Patient Counseling Information
This drug may cause visual disturbances (e.g. blurred vision) particularly at night, if affected, do not drive or operate machinery.
Drug Interactions
Risk of conduction disturbances with β-blockers. Additive effects with other parasympathomimetic agents. Decreased metabolism and increased plasma concentration with inhibitors of CYP2D6 and CYP3A3/4.
Food Interaction
Decreased rate of absorption with food.
Action
Description:
Overview: Cevimeline is a cholinergic agonist.
Mechanism of Action: Cevimeline selectively binds to muscarinic M1 receptors, resulting in increased secretion of exocrine glands (e.g. salivary glands, sweat glands) and increased smooth muscle tone in gastrointestinal and urinary tracts.
Pharmacokinetics:
Absorption: Rapidly absorbed from the gastrointestinal tract.

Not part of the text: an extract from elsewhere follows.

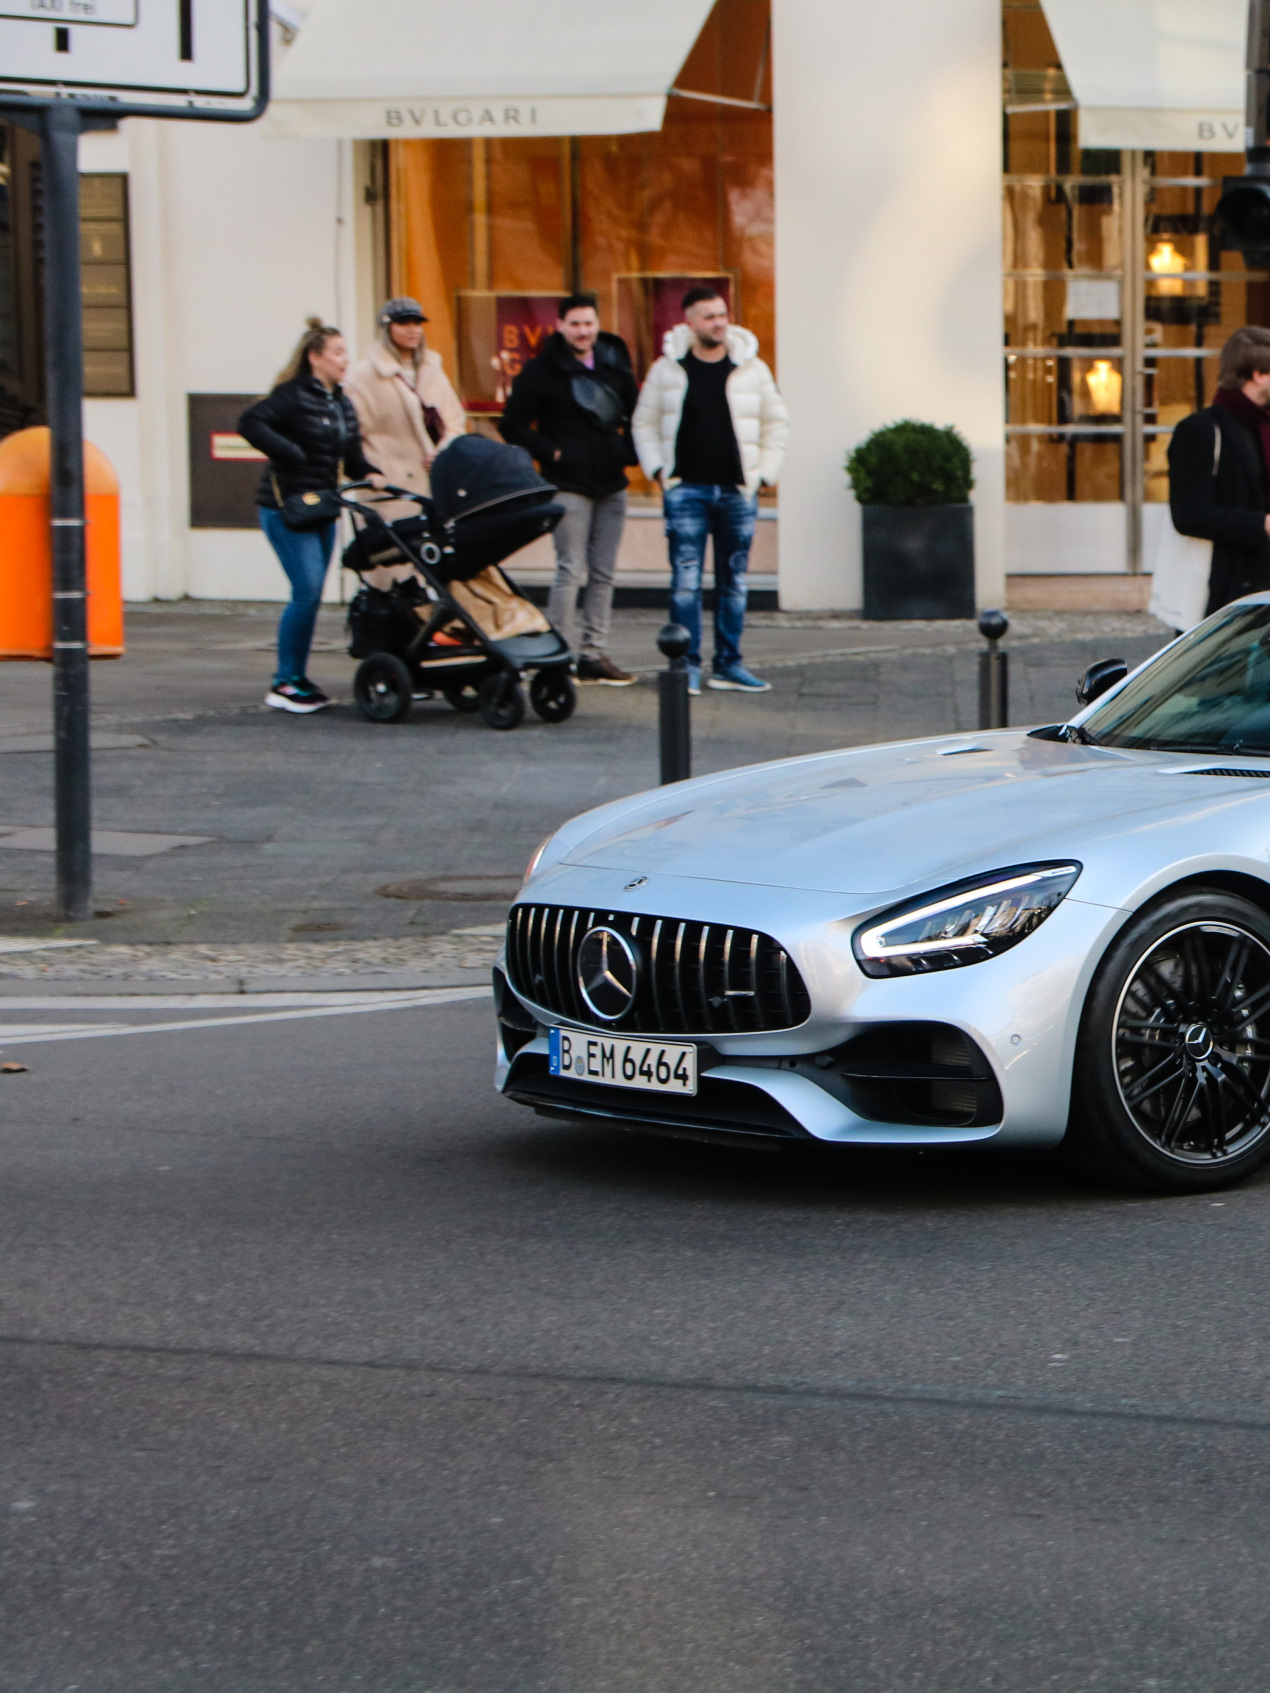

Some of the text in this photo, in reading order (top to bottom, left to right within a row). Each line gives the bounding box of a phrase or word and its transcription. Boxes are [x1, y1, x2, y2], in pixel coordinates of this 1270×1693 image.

[385, 106, 538, 128] BVLGARI
[561, 1035, 573, 1071] B
[622, 1045, 689, 1087] 6464

Food decreases rate of absorption. Time to peak plasma concentration: 1.5-2 hours.
Distribution: Volume of distribution: 6 L/kg. Plasma protein binding: <20%.
Metabolism: Metabolised in the liver by CYP2D6 and CYP3A3/4 isoenzymes into cis- and trans-sulfoxide, glucuronic acid conjugate, and N-oxide metabolites.
Excretion: Mainly via urine (84% after 24 hours; 97% after 7 days); faeces (0.5% after 7 days). Elimination half-life: 5 ± 1 hours.
Chemical Structure

Chemical Structure Image
Cevimeline

Source: National Center for Biotechnology Information. PubChem Compound Summary for CID 25137844, Cevimeline. https://pubchem.ncbi.nlm.nih.gov/compound/Cevimeline. Accessed Oct. 27, 2025.

Storage
Store between 15-30°C.
MIMS Class
Other Gastrointestinal Drugs
ATC Classification
N07AX03 - cevimeline ; Belongs to the class of other parasympathomimetics.
References
Brayfield A, Cadart C (eds). Cevimeline Hydrochloride. Martindale: The Complete Drug Reference [online]. London. Pharmaceutical Press. https://www.medicinescomplete.com. Accessed 06/10/2025.

Cevimeline Hydrochloride Capsule (Lupin Pharmaceuticals, Inc.). DailyMed. Source: U.S. National Library of Medicine. https://dailymed.nlm.nih.gov/dailymed. Accessed 23/10/2025.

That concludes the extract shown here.